Exercise requirements:
All entries below must be written out verbatim, and the images must be dropped.
═════ Records for processing ═════
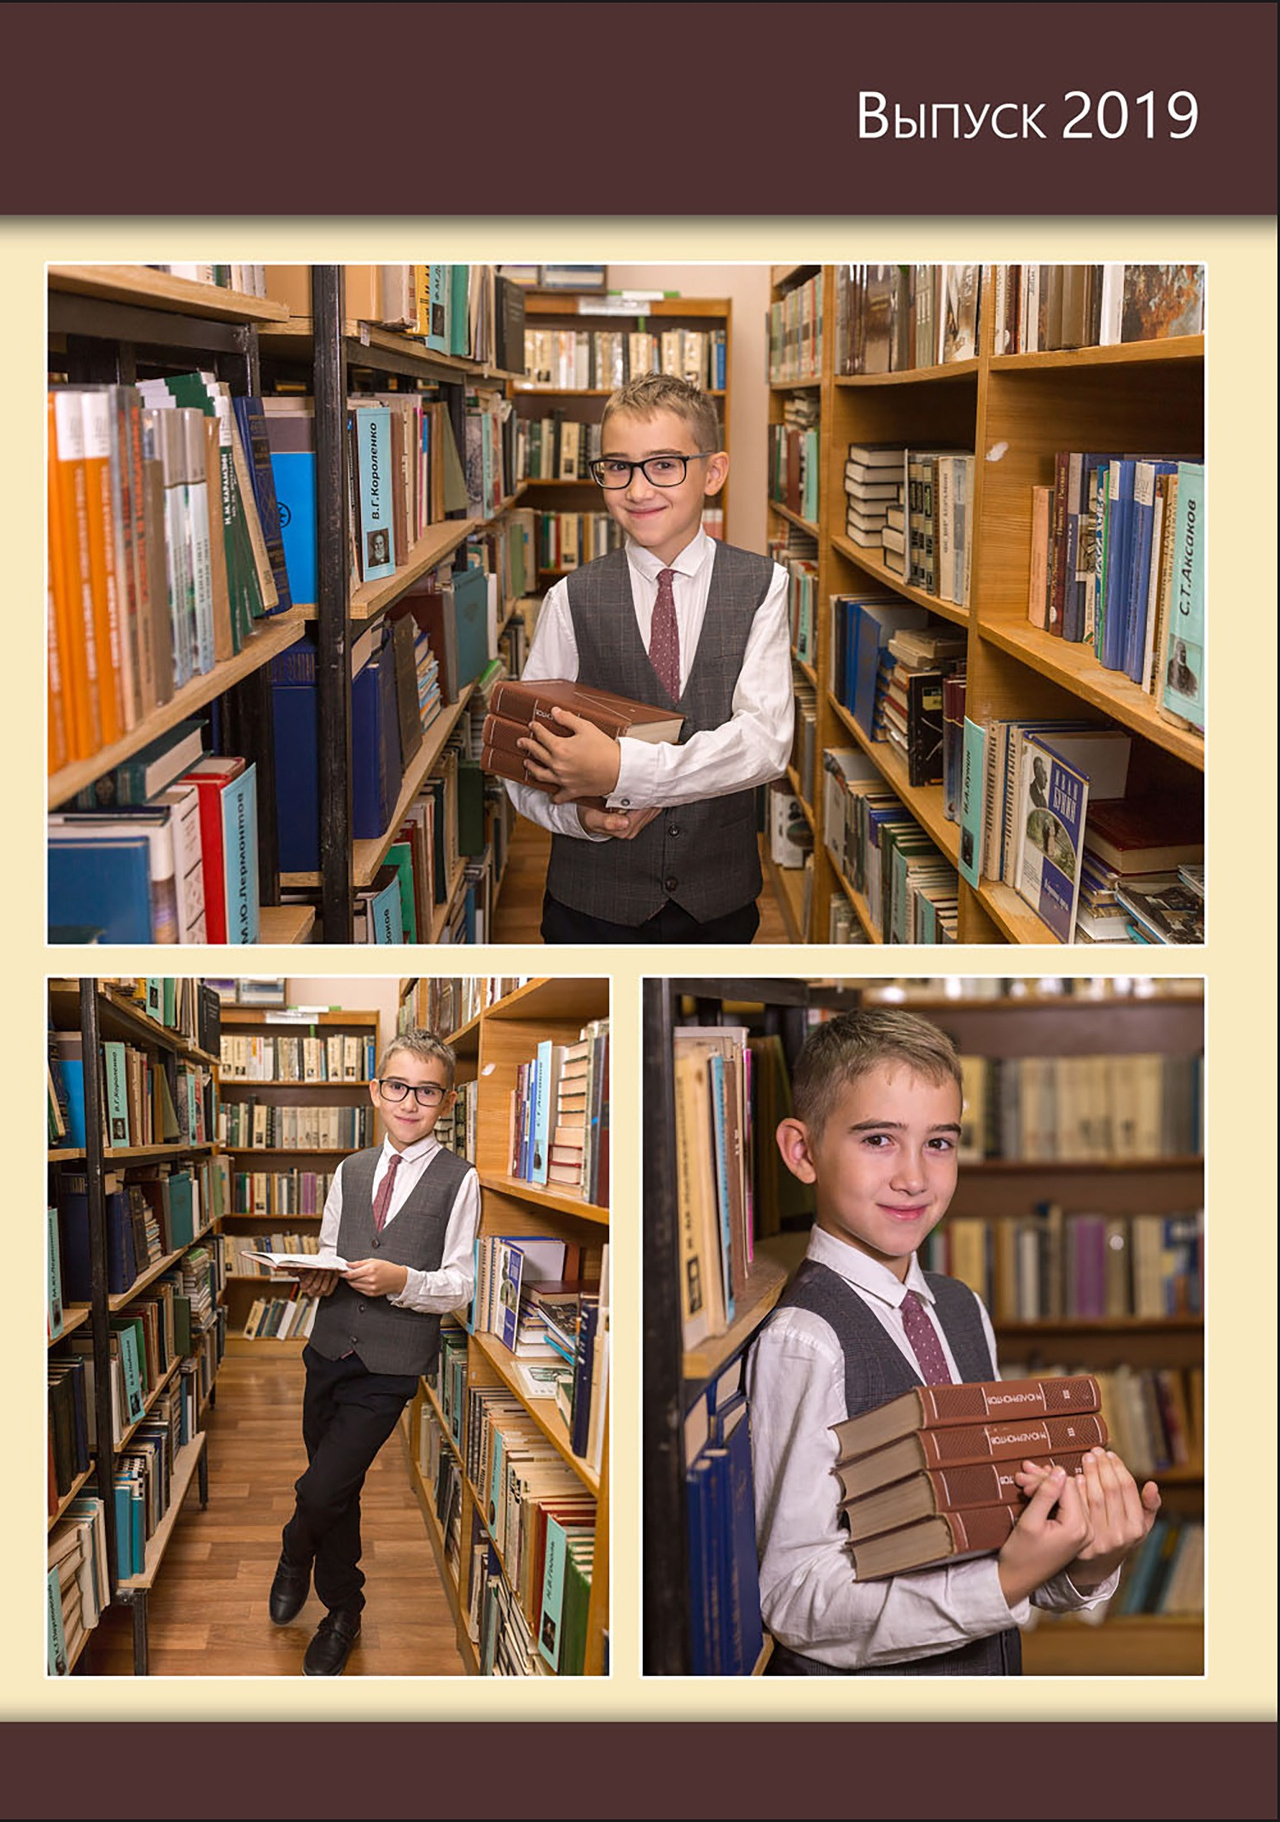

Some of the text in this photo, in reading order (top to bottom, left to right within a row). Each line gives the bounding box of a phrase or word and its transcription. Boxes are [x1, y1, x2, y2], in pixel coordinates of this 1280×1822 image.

[221, 453, 231, 503] КАРАМЗИН
[369, 422, 380, 520] В.Г.Короленко
[1179, 498, 1197, 616] С.Т.Аксаков
[235, 792, 250, 944] М.Ю.Лермонтов
═════
Answer to this exercise:
Some of the text in this photo, in reading order (top to bottom, left to right within a row). Each line gives the bounding box of a phrase or word and its transcription. Boxes are [x1, y1, x2, y2], in pixel coordinates of this 1280×1822 image.

[221, 453, 231, 503] КАРАМЗИН
[369, 422, 380, 520] В.Г.Короленко
[1179, 498, 1197, 616] С.Т.Аксаков
[235, 792, 250, 944] М.Ю.Лермонтов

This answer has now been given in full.